Amid Zika fears, bug repellent supplier named for Rio Games
An extra 3,000 soldiers have been drafted into the giant security operation for the Rio 2016 Olympic Games, defence minister Raul Jungmann announced in Rio de Janeiro on Wednesday (6 July). According to Amnesty global, “In the city of Rio alone, at least 307 people were killed by the police past year, accounting for one in every five homicides in the city”.
Despite the recent drug bust, reports suggest police in Rio aren’t actually cracking down on drugs or cartel violence ahead of the Olympic games because Rio’s government, which is now battling a major fiscal crisis, hasn’t paid them in months.
With just 30 days until the opening of the Summer Olympics in Rio, the concerns that have long overshadowed the Games linger. This comes amid worries of local crime and the potential for terror attacks. “It’s compromising any effort to improve public security and fulfill this promise for the Olympics”.
While for most the symptoms of Zika are relatively minor (less severe than the common flu), there is believed to be a correlation in Brazil between the outbreak and an increase in the number of babies born with micorcephaly.
The application, named Cross-Fire, is created to “allow people living across Rio de Janeiro to report incidents of gun violence, which have been increasing over the last few years”, according to Amnesty International (AI).
Ultimately, though, the Olympics are not going to bring an end to the problems Brazil has faced.

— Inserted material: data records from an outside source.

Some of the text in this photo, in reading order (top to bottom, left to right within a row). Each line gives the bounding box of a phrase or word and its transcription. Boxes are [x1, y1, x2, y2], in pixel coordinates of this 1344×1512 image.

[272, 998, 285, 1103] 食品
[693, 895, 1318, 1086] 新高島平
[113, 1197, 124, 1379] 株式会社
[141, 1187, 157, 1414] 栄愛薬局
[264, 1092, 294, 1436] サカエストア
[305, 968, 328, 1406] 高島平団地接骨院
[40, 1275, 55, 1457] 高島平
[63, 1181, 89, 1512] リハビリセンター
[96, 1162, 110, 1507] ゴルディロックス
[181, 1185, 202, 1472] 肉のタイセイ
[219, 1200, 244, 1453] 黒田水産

The New York-based rights group interviewed 34 current and former police officers who detailed a “culture of combat” that rewards them for killing instead of arresting drug-trafficking suspects.

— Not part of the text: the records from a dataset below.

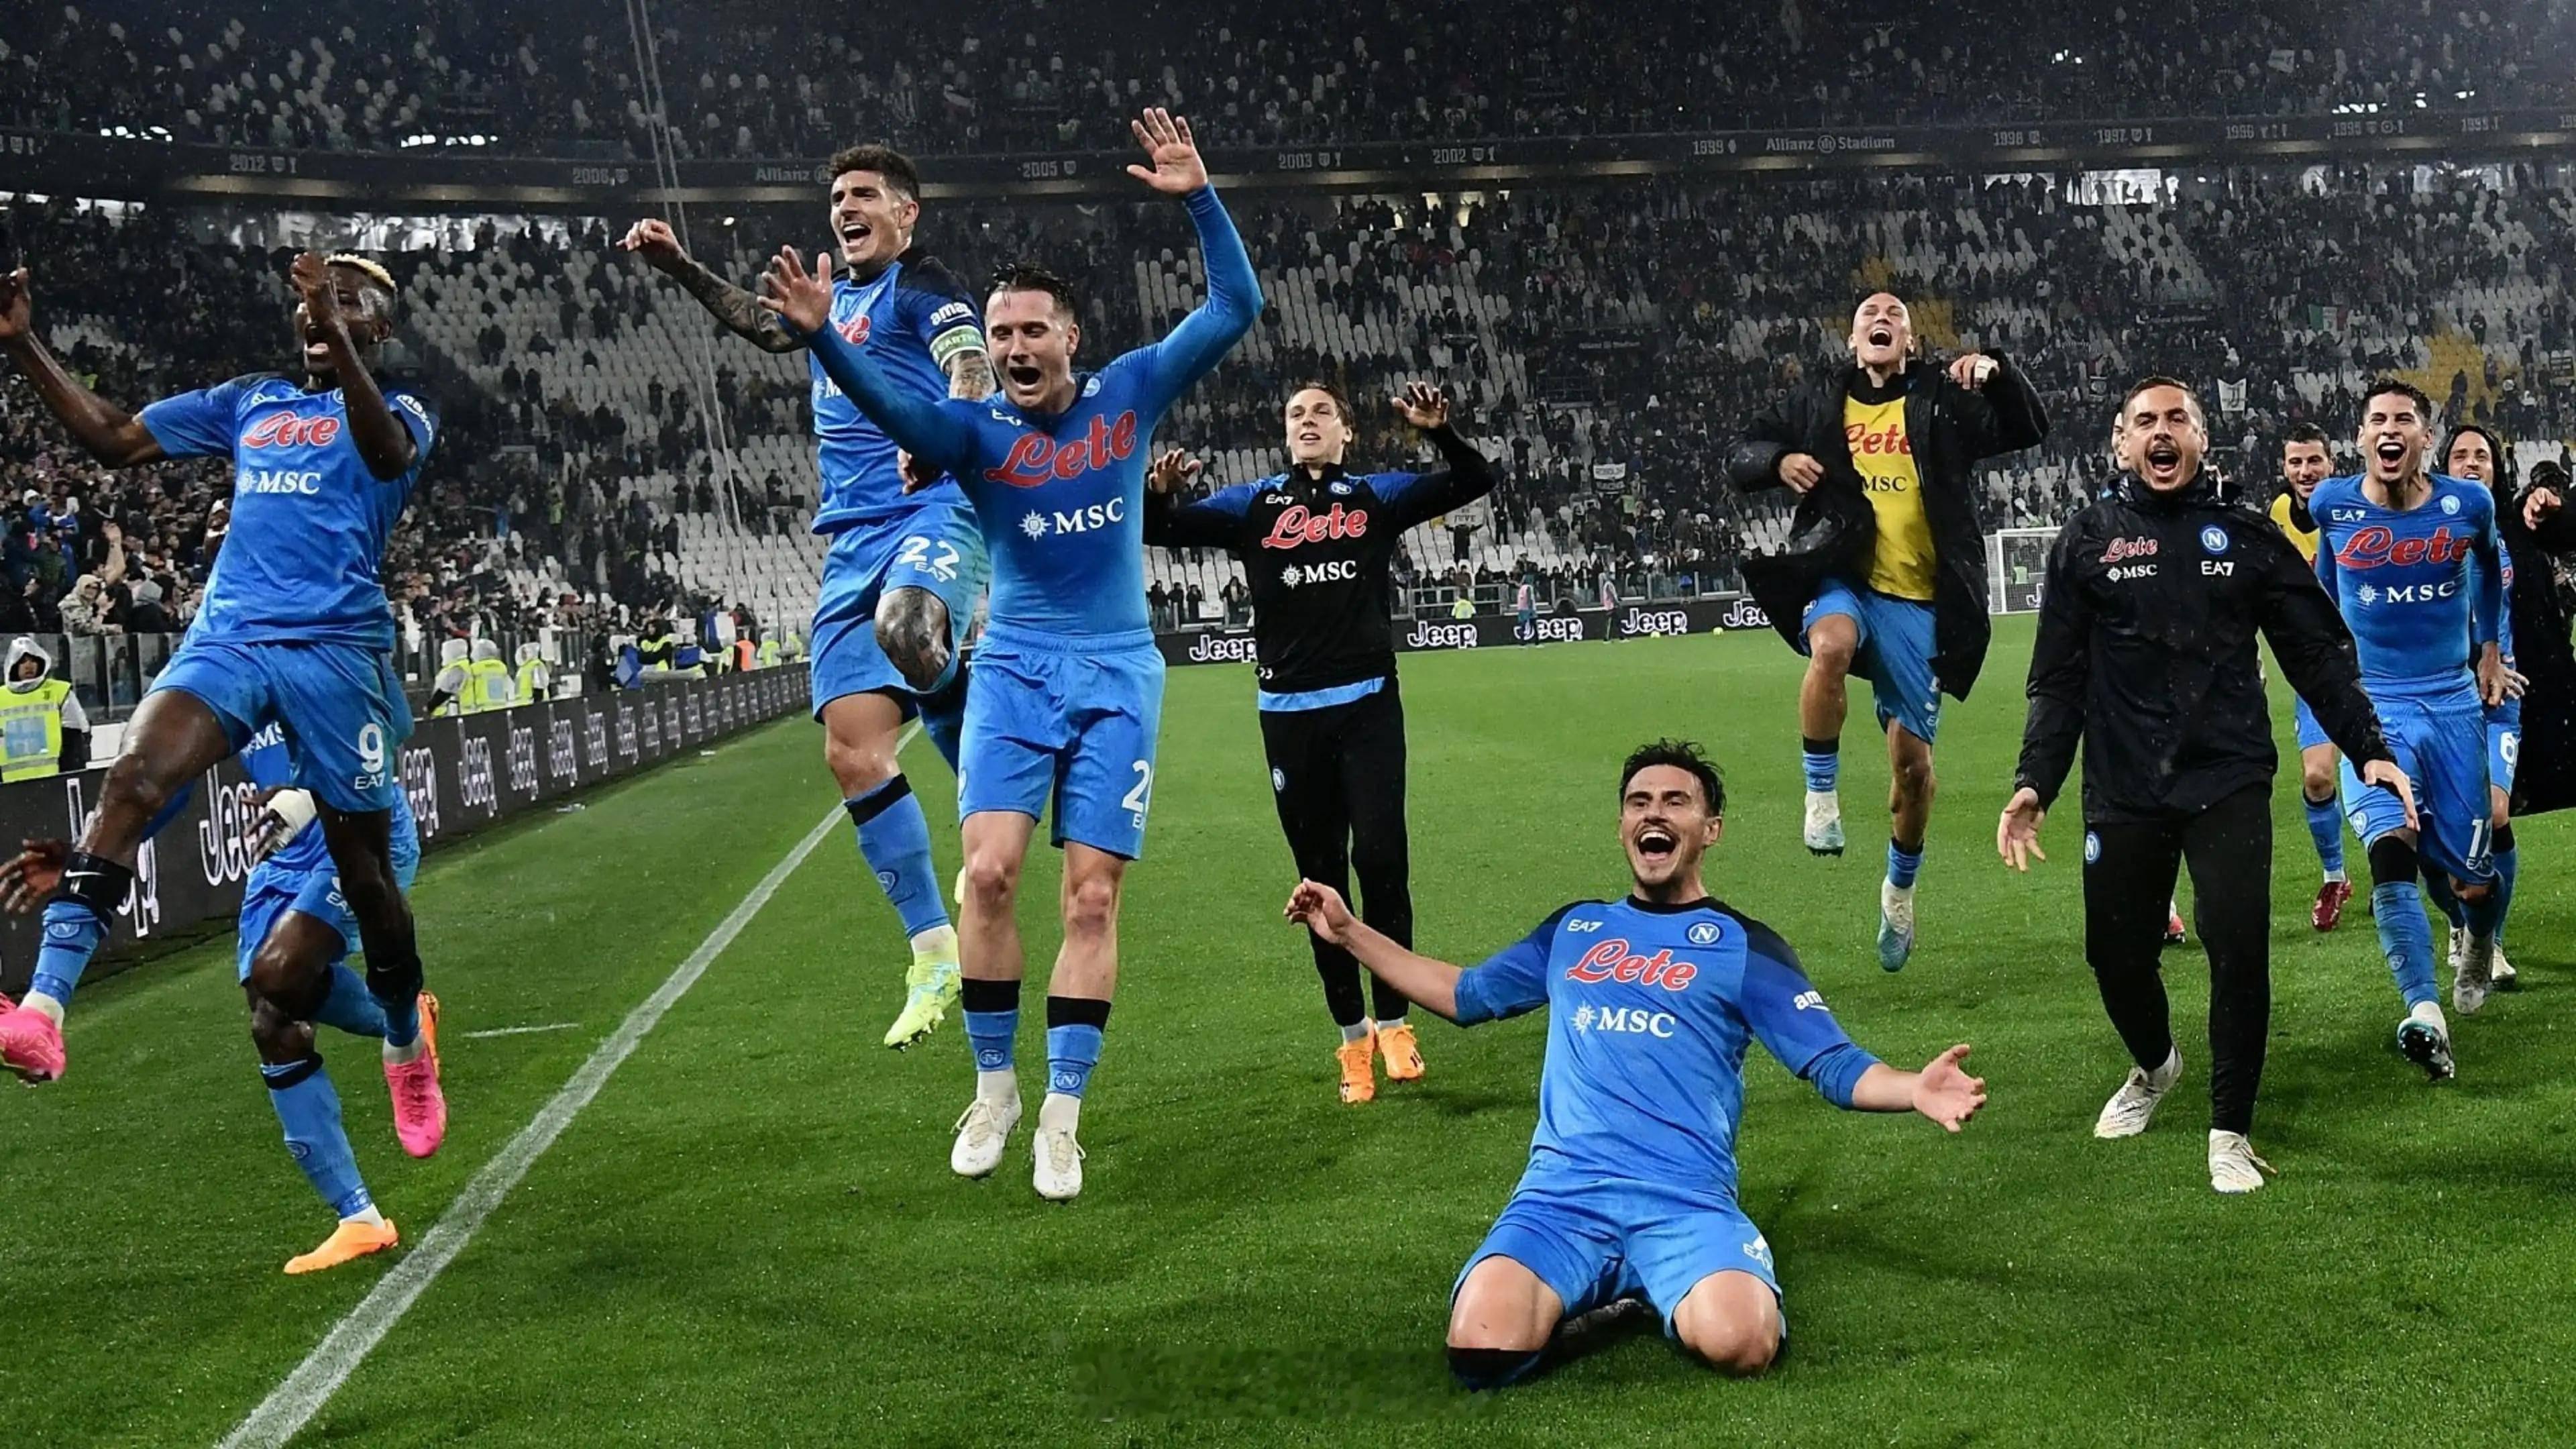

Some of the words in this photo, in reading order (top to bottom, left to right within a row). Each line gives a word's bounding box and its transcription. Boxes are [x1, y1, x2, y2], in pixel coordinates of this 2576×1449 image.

[1432, 148, 1467, 164] 2002
[1766, 138, 1815, 151] Allianz
[1838, 136, 1895, 150] Stadium
[229, 154, 266, 172] 2012
[755, 166, 810, 182] Allianz
[1022, 161, 1059, 178] 2005
[1279, 153, 1313, 169] 2003
[930, 302, 973, 325] ama
[983, 409, 1137, 488] Lete
[256, 471, 321, 495] MSC
[1862, 475, 1907, 492] MSC
[1265, 494, 1294, 505] EA7
[1052, 496, 1124, 535] MSC
[1261, 502, 1368, 549] Lete
[2331, 508, 2366, 522] EA7
[899, 536, 960, 580] 22
[2098, 536, 2159, 564] Lete
[2335, 526, 2473, 570] Lete
[1303, 559, 1357, 584] MSC
[2123, 564, 2158, 580] MSC
[2201, 560, 2235, 577] EA7
[2385, 580, 2456, 604] MSC
[1621, 608, 1688, 636] Jeep
[1723, 601, 1771, 627] Jee
[1408, 621, 1478, 649] Jeep
[1188, 634, 1258, 663] Jeep
[254, 720, 286, 751] MS
[358, 722, 384, 773] 9
[458, 717, 498, 818] Jeep
[354, 772, 386, 790] EA7
[397, 743, 440, 838] eep
[1122, 759, 1152, 814] 2
[199, 763, 268, 887] Jee
[1567, 918, 1604, 934] EA7
[1566, 938, 1698, 991] Lete
[1597, 1006, 1676, 1038] MSC

This is how we can have a situation where bailouts for tourist safety were treated like a national emergency while the ongoing “hell” for poor and working-class people in Olympic Rio has only worsened. The 109-page report reviews 64 cases, many of which show inconsistencies between forensic evidence and officials’ accounts. Autopsies in 20 cases showed the dead had been shot at close range, something not typical of shootouts. Civil police workers, their wages in peril, have been greeting visitors at the airport with giant banners reading “WELCOME TO HELL” and warning people that they will not be safe while in the city.
Wilkinson said some recent changes in the justice system bear some promise, such as turning officer-involved killings over to the state’s homicide division instead of neighborhood precincts.